11. Insulin Receptor

 

Insulin and IGF-1 receptors are homologous to tyrosine kinase receptors (Boucher J et al., 2014).  

 

Insulin receptor (IR) and IGF-1 receptor (IGF-1R) include two extracellular α subunits and two transmembrane β subunis, which are connected by disulfide bonds (Boucher J et al., 2014).

 

11.1. PIP3 and PI3K and Related Downstream Pathway 

 

PI3K and AKT/ PKB (protein kinase B) signaling pathway is an important pathway, which plays role in partaking of IRS (Insulin Receptor Substrate) in insulin metabolic functions (Boucher J et al., 2014).

 

As IRS is tyrosine phosphorylated then PI3K is induced and results in the activation of PIP2 and production of PIP3, which causes the AKT/PKB deployment to the plasma membrane and promotes its phosphorylation and induction and ultimately the stimulation of downstream signaling pathway (Myers M G Jr et al., 1992) (Shaw L M., 2011) (Boucher J et al., 2014).

 

AGG family of protein kinases, which are controlled by PI3K are phosphorylated and activated by PDK-1 (3-phosphoinositide-dependent protein kinase-1) (Bayascas J R., 2010 as cited in Boucher J et al., 2014) (Boucher J et al., 2014). It is also known that phosphorylation of PKCs by PDK-1 is responsible for the induction of aPKCs (atypical PKCs), PKCζ and PKCλ/ι (Boucher J et al., 2014). Glucose transport, prompted by insulin and control of lipid synthesis is regulated by aPKC  (Boucher J et al., 2014).

 

In order to fully activate AKT/PKB, then mTORC2 needs to phosphorylate this protein kinase at Ser-473 (Sarbassov D D et al., 2005 as cited in Boucher J et al., 2014) (Oh W L and Jacinto E., 2011) (Boucher J et al., 2014). 

 

Impairment of DNA results in phosphorylation and activation of AKT/PKB by DNAPK (DNA-dependent protein kinase), which plays a part in controlling fatty acid synthease (a metabolic gene) activities through insulin (Bozulic L et al., 2008) (Wong R H F et al., 2009) (Boucher J et al., 2014).

 

Furthermore, phosphorylation of GSK3 (Glycogen Synthase kinase 3) and its inhibition is regulated by AKT/PKB and is responsible for the induction of glycogen synthase (Kim K H et al., 2004) (Boucher J et al., 2014).

 

Insulin Receptor References

 

1.        Bayascas, J. R. PDK1: The Major Transducer of PI 3-Kinase Actions. in 9–29 (2010). doi:10.1007/82_2010_43

2.        Boucher, J., Kleinridders, A. & Kahn, C. R. Insulin Receptor Signaling in Normal and Insulin-Resistant States. Cold Spring Harb. Perspect. Biol. 6, a009191–a009191 (2014).

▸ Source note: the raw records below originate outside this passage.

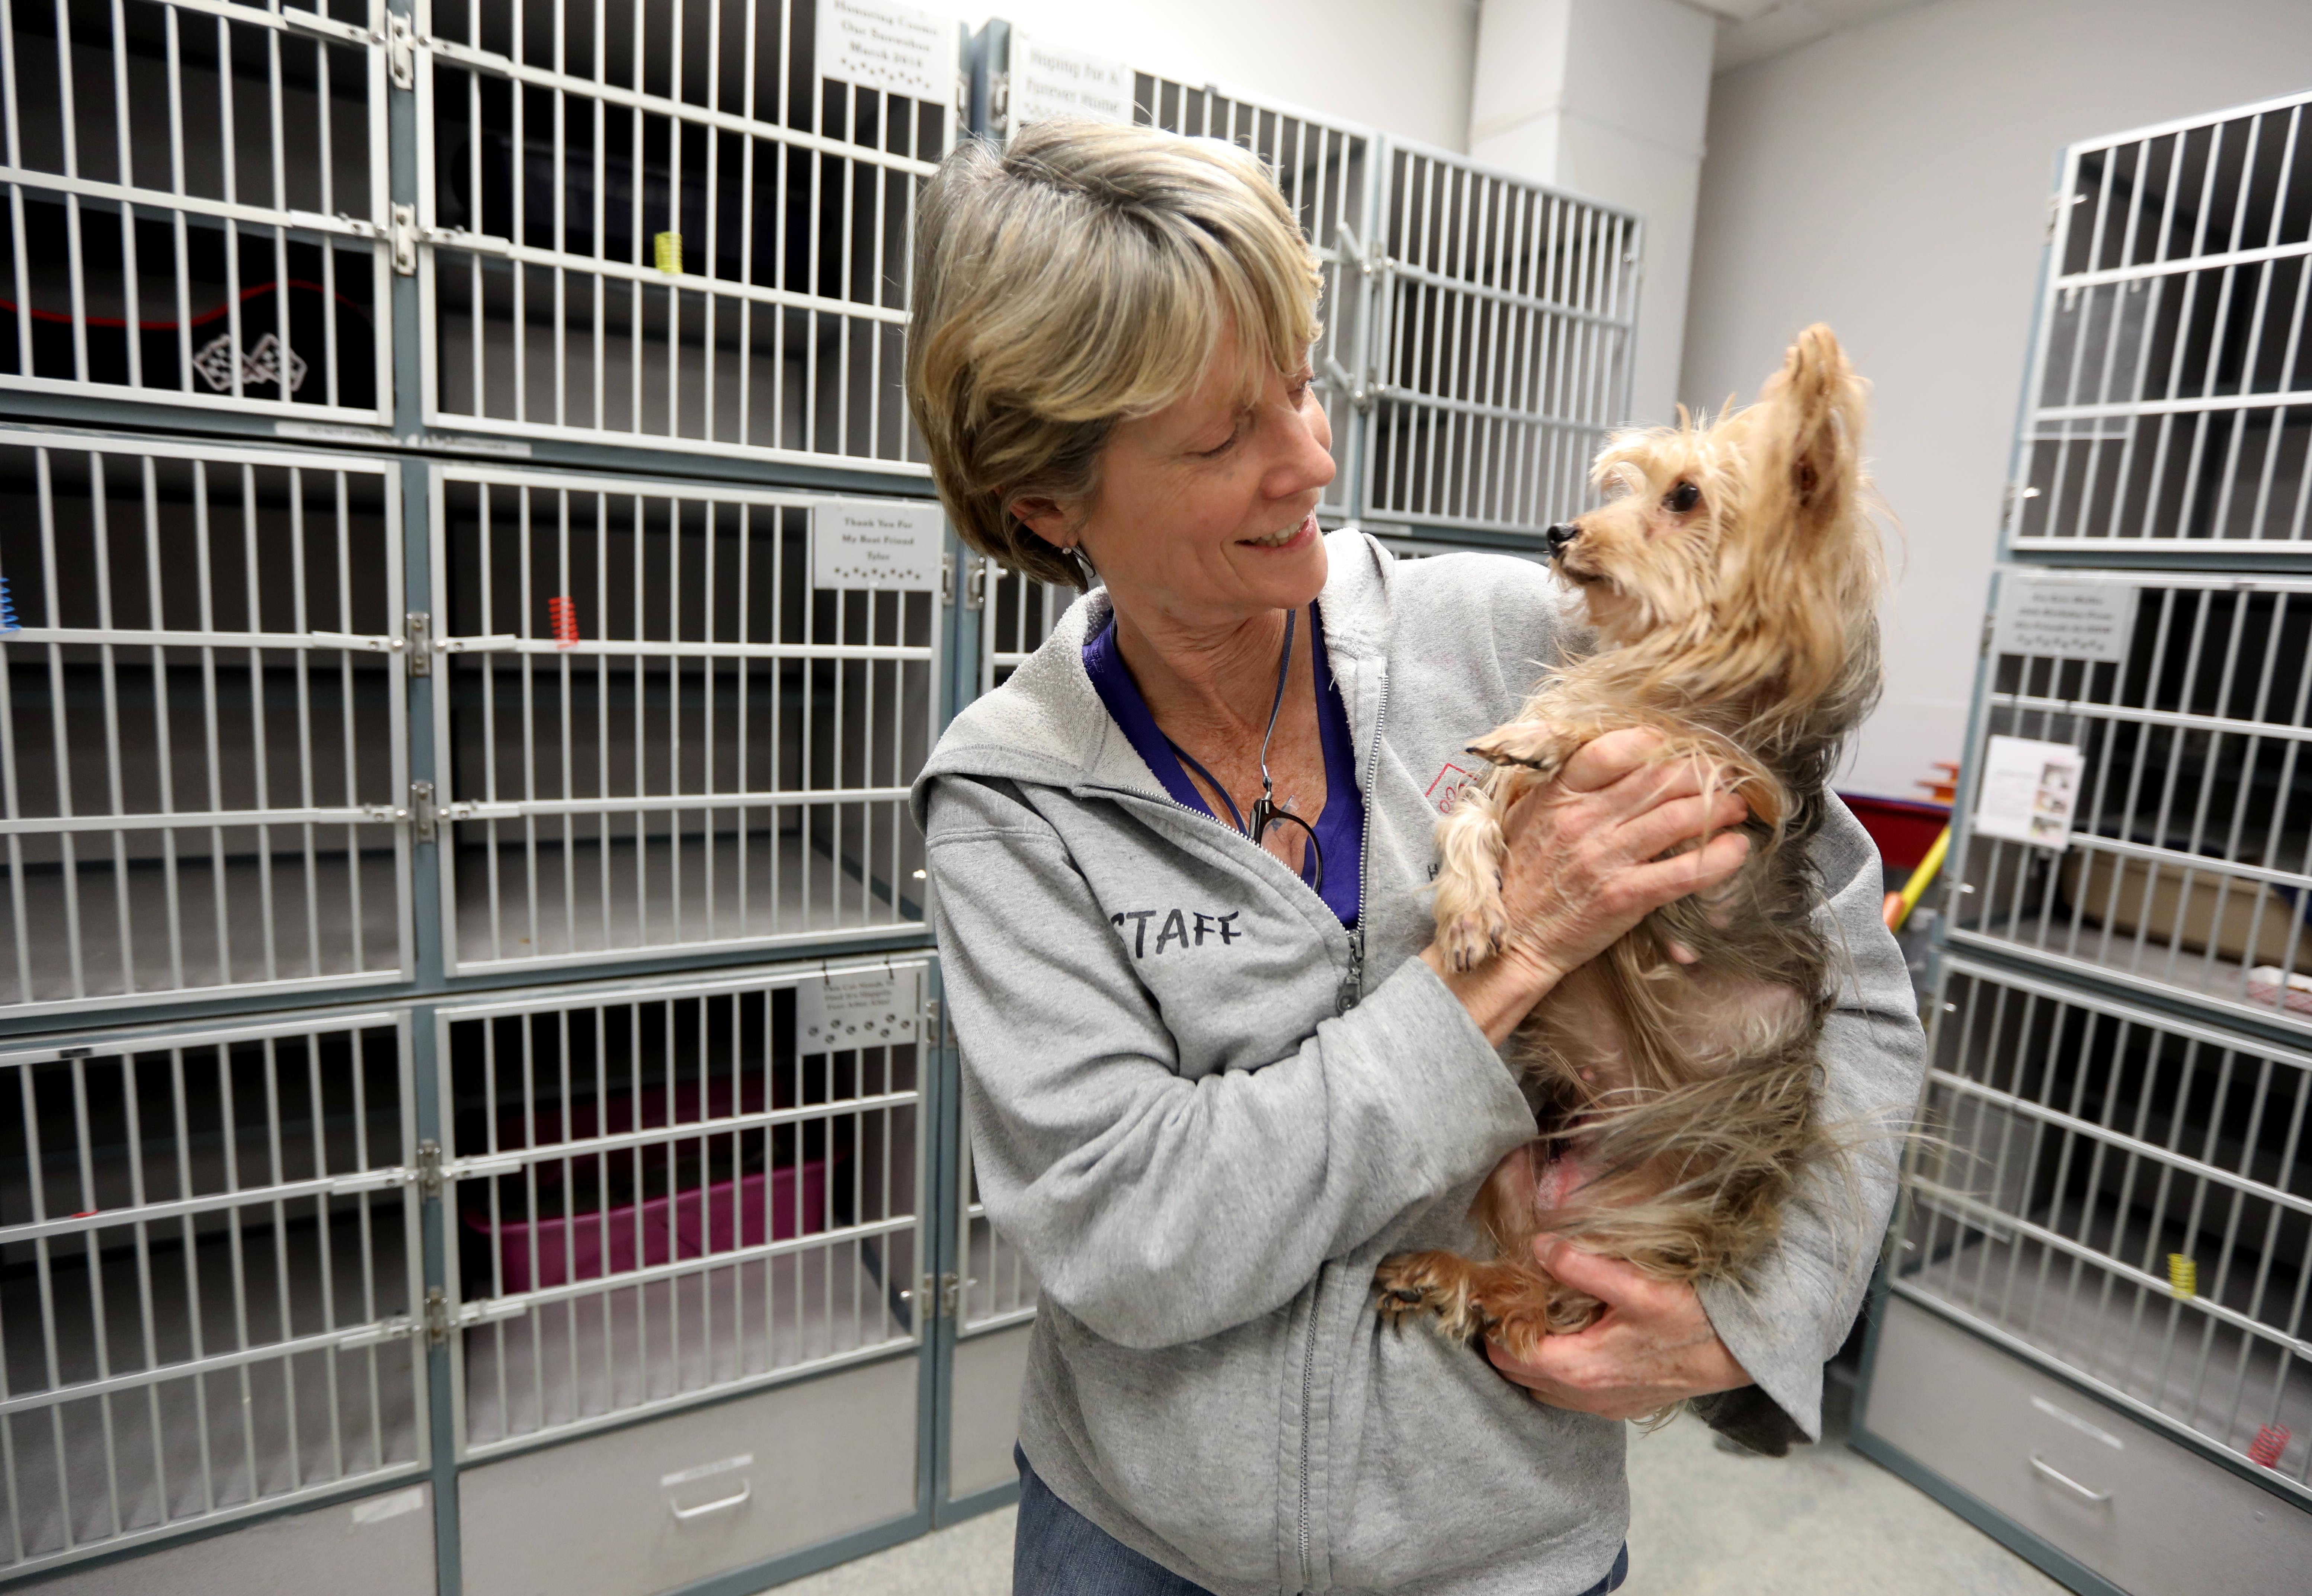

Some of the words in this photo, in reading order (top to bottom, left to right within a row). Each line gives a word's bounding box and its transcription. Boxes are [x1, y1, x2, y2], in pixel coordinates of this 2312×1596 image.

[841, 20, 866, 36] Our
[850, 40, 888, 61] March
[1030, 49, 1080, 79] Hoping
[1084, 63, 1104, 81] For
[1026, 77, 1076, 103] Forever
[1081, 90, 1119, 113] Home
[845, 517, 874, 526] Thank
[878, 519, 894, 528] You
[897, 519, 913, 528] For
[842, 533, 856, 543] My
[860, 535, 881, 544] Best
[884, 536, 915, 545] Friend
[867, 551, 890, 560] Tyler

3.        Bozulic, L., Surucu, B., Hynx, D. & Hemmings, B. A. PKBα/Akt1 Acts Downstream of DNA-PK in the DNA Double-Strand Break Response and Promotes Survival. Mol. Cell 30, 203–213 (2008).

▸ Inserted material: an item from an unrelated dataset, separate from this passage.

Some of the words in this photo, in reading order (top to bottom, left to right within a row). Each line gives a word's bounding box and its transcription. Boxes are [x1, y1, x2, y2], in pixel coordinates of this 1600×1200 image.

4.        Kim, K. H. et al. Regulatory Role of Glycogen Synthase Kinase 3 for Transcriptional Activity of ADD1/SREBP1c. J. Biol. Chem. 279, 51999–52006 (2004).

5.        Myers, M. G. et al. IRS-1 activates phosphatidylinositol 3’-kinase by associating with src homology 2 domains of p85. Proc. Natl. Acad. Sci. 89, 10350–10354 (1992).

6.        Oh, W. J. & Jacinto, E. mTOR complex 2 signaling and functions. Cell Cycle 10, 2305–2316 (2011).

7.        Sarbassov, D. D., Guertin, D. A., Ali, S. M. & Sabatini, D. M. Phosphorylation and Regulation of Akt/PKB by the Rictor-mTOR Complex. Science (80-. ). 307, 1098–1101 (2005).

8.        Shaw, L. M. The insulin receptor substrate (IRS) proteins. Cell Cycle 10, 1750–1756 (2011).

9.        Wong, R. H. F. et al. A Role of DNA-PK for the Metabolic Gene Regulation in Response to Insulin. Cell 136, 1056–1072 (2009).